----- AVAILABLE DATA -----

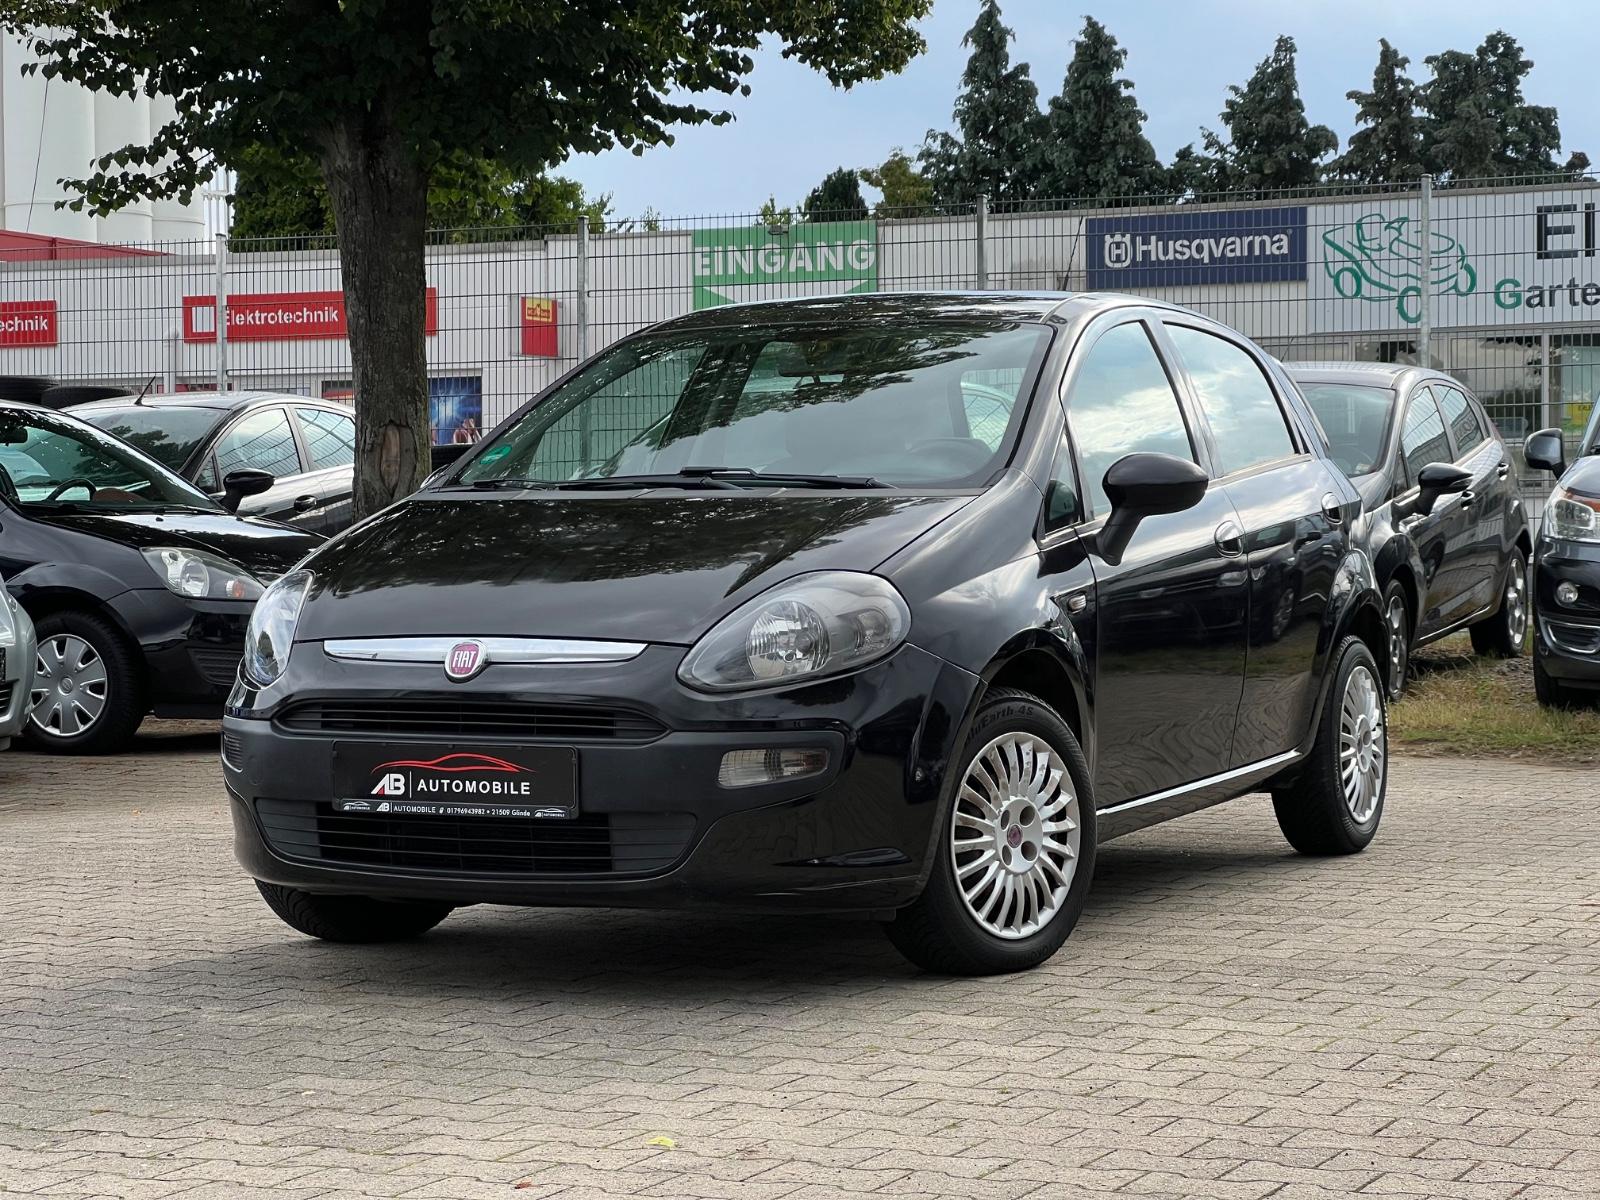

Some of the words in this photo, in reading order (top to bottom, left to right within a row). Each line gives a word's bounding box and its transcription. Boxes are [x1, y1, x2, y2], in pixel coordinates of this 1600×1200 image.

[695, 239, 876, 276] EINGANG
[1136, 233, 1289, 264] Husqvarna
[1494, 277, 1600, 310] Garte
[452, 650, 477, 668] FIAT
[370, 773, 406, 796] AB
[417, 778, 531, 795] AUTOMOBILE
[393, 805, 436, 813] AUTOMOBILE

-----

## EXERCISE GOAL
Above are the records; repeat them all exactly, without the pictures.

## EXERCISE RESULT
Some of the words in this photo, in reading order (top to bottom, left to right within a row). Each line gives a word's bounding box and its transcription. Boxes are [x1, y1, x2, y2], in pixel coordinates of this 1600×1200 image.

[695, 239, 876, 276] EINGANG
[1136, 233, 1289, 264] Husqvarna
[1494, 277, 1600, 310] Garte
[452, 650, 477, 668] FIAT
[370, 773, 406, 796] AB
[417, 778, 531, 795] AUTOMOBILE
[393, 805, 436, 813] AUTOMOBILE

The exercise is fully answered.